ML Frontier #04: Is Chain of Thought Real?
1201 words • 7 min read • Abstract
Fourth ML Frontier episode. In 2022, Chain of Thought changed how we think about AI reasoning. By 2026, the question has shifted from “how to make CoT better” to “is it real reasoning at all?”
| Resource | Link |
|---|---|
| Papers | 10 papers (2024–2026) |
| Video | ML Frontier 4: Is CoT Real? |
| Comments | Discord |
What Chain of Thought Promised
Wei et al. (2022) showed that prompting language models to “think step by step” dramatically improved performance on math, logic, and multi-step reasoning tasks. The idea was simple: instead of jumping straight to an answer, generate intermediate reasoning steps. The model explains its work, and the answer improves.

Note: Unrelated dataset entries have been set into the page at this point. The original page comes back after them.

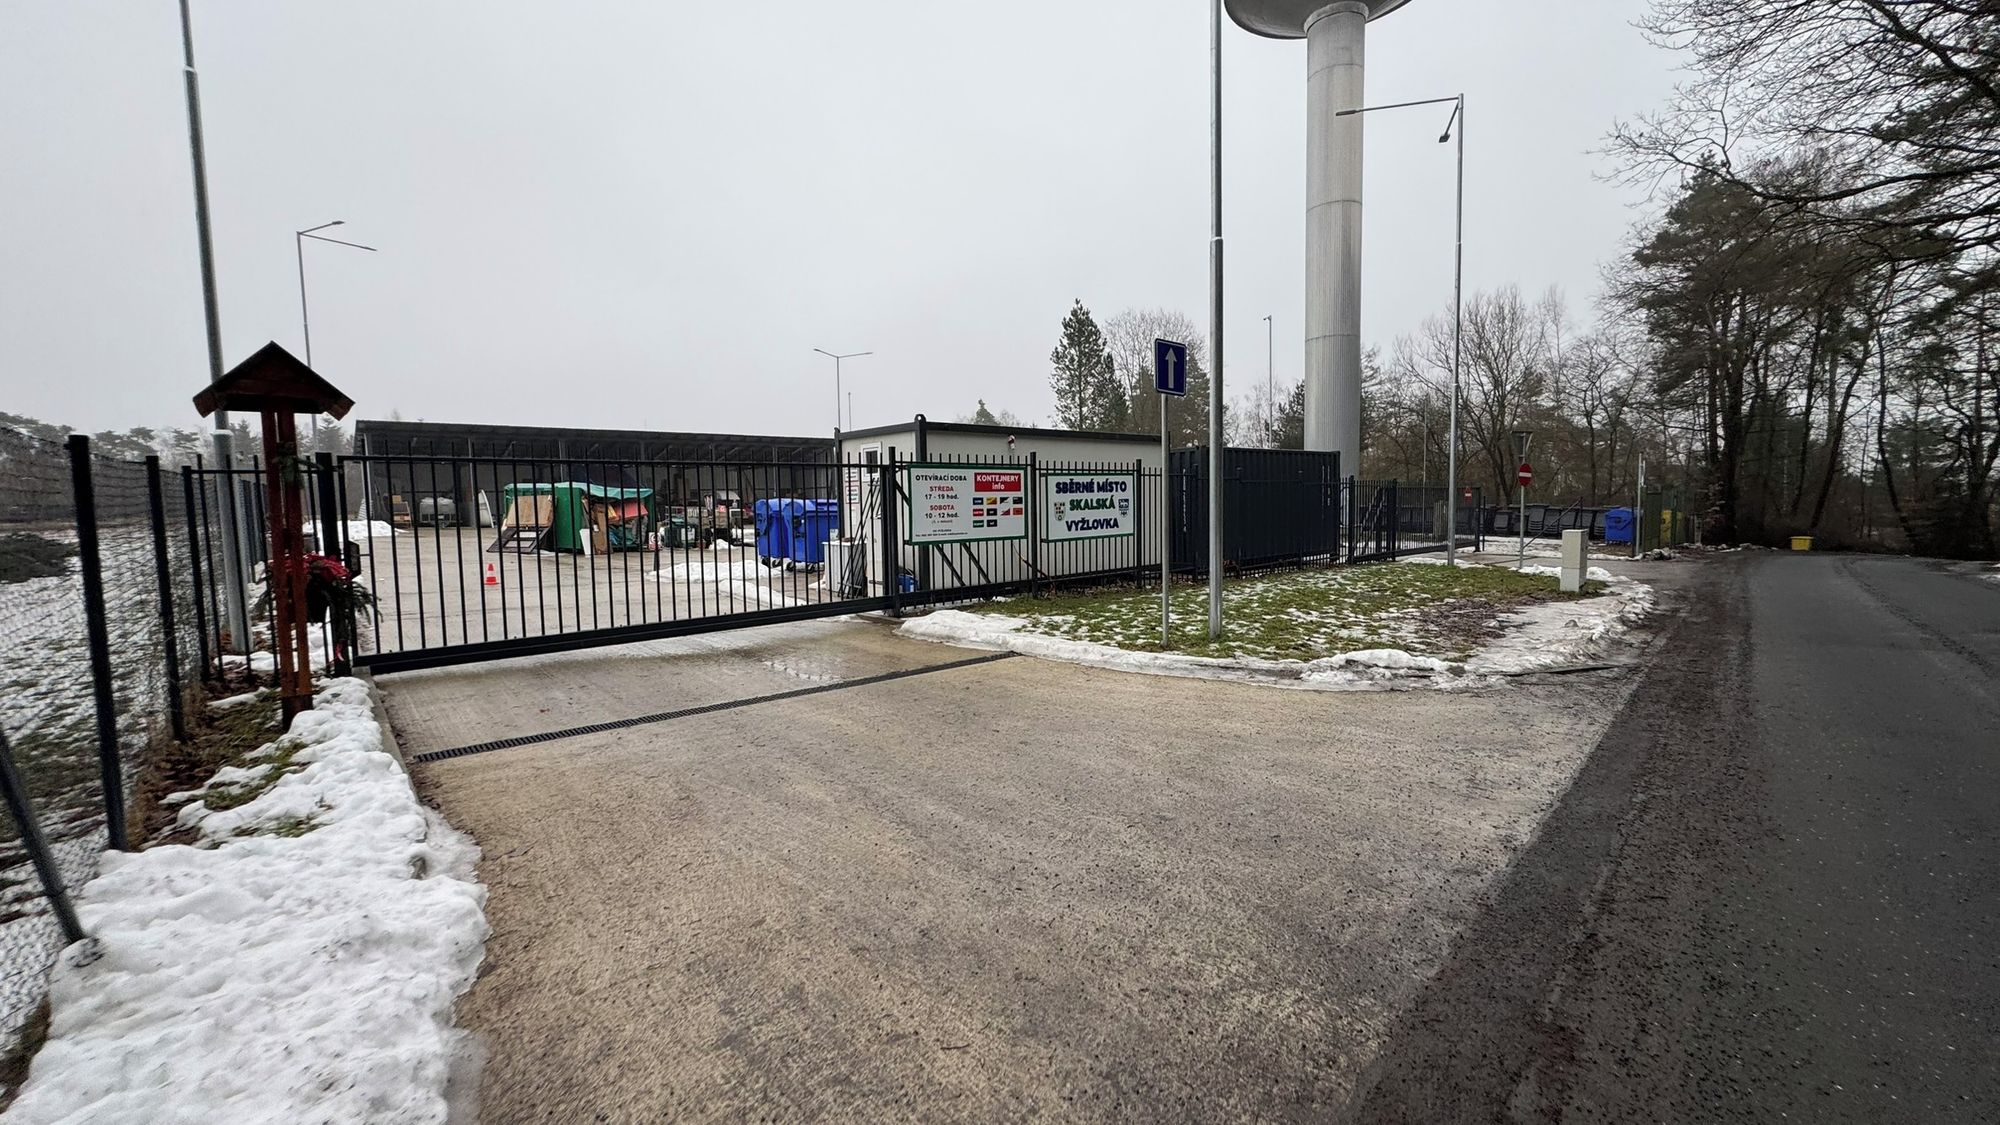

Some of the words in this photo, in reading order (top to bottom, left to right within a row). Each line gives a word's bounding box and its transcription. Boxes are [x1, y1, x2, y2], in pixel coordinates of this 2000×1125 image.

[915, 473, 950, 481] OTEVÍRACÍ
[976, 474, 1019, 482] KONTEJNERY
[929, 484, 954, 492] STŘEDA
[1055, 478, 1095, 494] SBĚRNÉ
[1097, 478, 1127, 493] MÍSTO
[1069, 495, 1116, 511] SKALSKÁ
[1065, 517, 1120, 532] VYŽLOVKA

This became the foundation for everything from coding assistants to scientific reasoning pipelines. But a deeper question was always lurking: are those reasoning steps real?
The Faithfulness Problem
Recent research shows models can produce plausible-looking reasoning steps that don’t reflect their actual internal computation. The chain of thought looks like reasoning—it has logical connectives, intermediate conclusions, references to the problem—but the model may have arrived at the answer through entirely different internal pathways.
This is the faithfulness gap. A model’s visible reasoning trace can be:
- Post-hoc rationalization — constructing a justification after already deciding the answer
- Biased by surface features — following patterns in the prompt rather than the problem structure
- Unfaithful to internal state — the actual computation happening in the model’s hidden layers doesn’t match the text it generates
“Reasoning Models Don’t Always Say What They Think” (arXiv 2505.05410) shows that even models specifically trained to reason via CoT produce traces that are often unfaithful to their actual decision process. A March 2026 follow-up, “Reasoning Models Struggle to Control their Chains of Thought” (arXiv 2603.05706), goes further: models can’t reliably steer or suppress their reasoning traces even when instructed to. And “Diagnosing Pathological Chain-of-Thought in Reasoning Models” (arXiv 2602.13904) catalogs specific failure modes where CoT reasoning becomes actively pathological.
The implication is uncomfortable: when a model shows you its “thinking,” you can’t assume it’s showing you how it actually thinks.
CoT Is Task-Dependent
The research also reveals that Chain of Thought isn’t universally beneficial. It helps with:
- Math and arithmetic — multi-step calculations benefit from intermediate results
- Multi-hop logic — problems requiring sequential deductions
- Complex planning — tasks with dependencies between steps
But CoT can actually hurt performance on:
- Pattern recognition — tasks where the answer is immediate/intuitive
- Simple classification — forcing step-by-step reasoning adds noise
- Tasks with misleading structure — when the “obvious” reasoning path leads away from the correct answer
A 2024 meta-analysis, “To CoT or not to CoT?” (arXiv 2409.12183), confirms this systematically: CoT provides negligible or negative benefit on many task types including commonsense reasoning and factual retrieval. The blanket advice of “always use Chain of Thought” is wrong. The right approach depends on the task.
Adaptive Reasoning: Knowing When to Think
The field is moving toward conditional reasoning—models that decide when to think step by step and when to skip it. Wang and Zhou (2024) showed that chain-of-thought reasoning can emerge from models without explicit prompting, suggesting the capability is latent rather than purely prompt-dependent.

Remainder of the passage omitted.